Toxic waste dumped 10 times in same road in south Armagh
Toxic waste from fuel laundering has been dumped along the same road in south Armagh ten times, Stormont's environment minister has revealed.
Alex Attwood gave the details to the assembly when he was asked about cross-border co-operation on fuel smuggling.
He said hauliers' representatives had told him they believed up to 50% of hauliers were now using illegal fuel.
The roads minister, Danny Kennedy, said describing border fuel smuggling as an "epidemic" no longer did it justice.
Mr Kennedy told MLAs he believed republican paramilitaries were gaining from the proceeds of fuel laundering in south Armagh and it was having a "sinister impact" on community relations in the area.
The ministers made the remarks as they updated MLAs on the details of a recent north-south ministerial meeting, set up to promote greater co-operation between government departments in Northern Ireland and the Irish Republic.
The DUP asked Mr Attwood to outline the nature and extent of illegality detected in haulage and transport industries, as a result of such cross-border co-operation.
The environment minister said the situation regarding the use of illegal fuel was "acute" and an escalation in the authorities' response to the problem was required.
Mr Attwood told MLAs: "I have a map, for example, in my department where we have identified those parts of the north, in particular in south Armagh, where there has been multiple occasions where fuel sludge has been abandoned in essentially the same place, for that then to be collected by the relevant authorities.
"There is a road in Northern Ireland where sludge has been dumped following fuel laundering on ten separate occasions, at about the same location."
Mr Attwood said he had met representatives of the Road Haulage Association on Monday and they had expressed concerns about the impact laundered fuel was having on those firms who obeyed the law.
"It is their view, for example, that even in the last number of months, because of challenging economic circumstances, and given the benefit (and I use that word in a very neutral way) to hauliers who use illegal fuel, in terms of savings per gallon and benefit per mile, that it is having a hugely disproportionate impact on legitimate business," he said.
"It is the view of legitimate business that up to, and maybe in excess, of 50% of hauliers are now using illegal fuel and that those multiple, small family businesses in particular in the north, who have served this part of the world very well over many years, that they are now facing the most immediate threat given the scale of illegal use."

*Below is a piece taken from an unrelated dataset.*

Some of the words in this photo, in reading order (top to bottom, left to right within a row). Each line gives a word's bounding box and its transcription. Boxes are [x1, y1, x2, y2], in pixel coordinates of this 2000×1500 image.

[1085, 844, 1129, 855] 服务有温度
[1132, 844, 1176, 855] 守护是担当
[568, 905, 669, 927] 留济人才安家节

Mr Kennedy said many unionist constituents living in isolated rural areas close to the border had contacted him about fuel smuggling and abandoned toxic waste near their homes.

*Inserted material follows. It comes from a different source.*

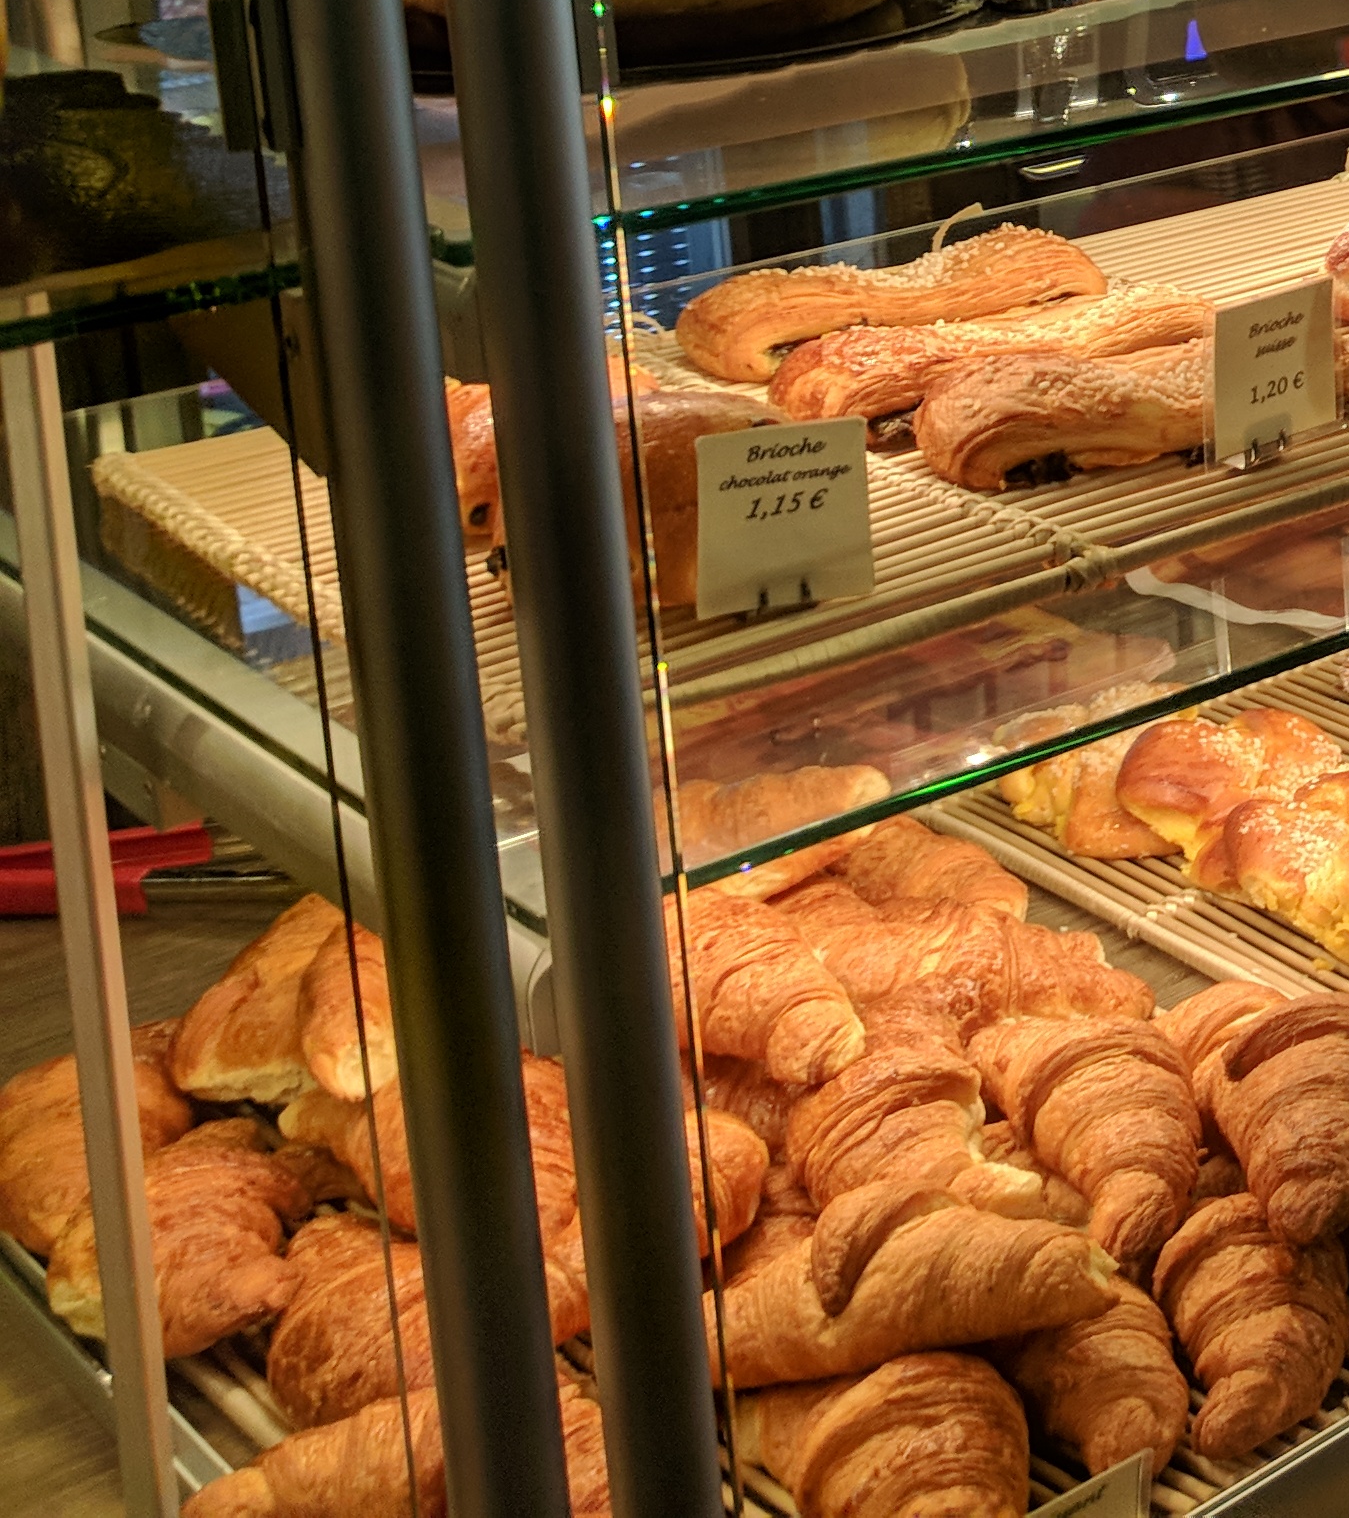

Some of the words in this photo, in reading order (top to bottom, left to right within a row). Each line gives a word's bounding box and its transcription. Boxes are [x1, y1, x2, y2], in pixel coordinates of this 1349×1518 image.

"It was put to me frankly, when I was told 'they're dumping the diesel where once they were dumping the bodies'," Mr Kennedy said.
The roads minister added: "That has very sinister implications for what is called a shared future."
He said that the law of the land had to extend to all areas, including south Armagh.
"It is inescapable to me that monies generated from this black economy and this illegal activity ultimately will find their way back to republican paramilitaries," Mr Kennedy told the assembly.
The BBC asked Mr Attwood's department to identify the road on which the minister said toxic waste had been dumped on ten occasions.
However, a spokeswoman said that "unfortunately the information held by Northern Ireland Environment Agency on the locations of dumped laundered fuel residues is used in the investigation of criminal offending and is passed to other authorities for further criminal investigation".
"Therefore NIEA are not in a position to release this information," she added.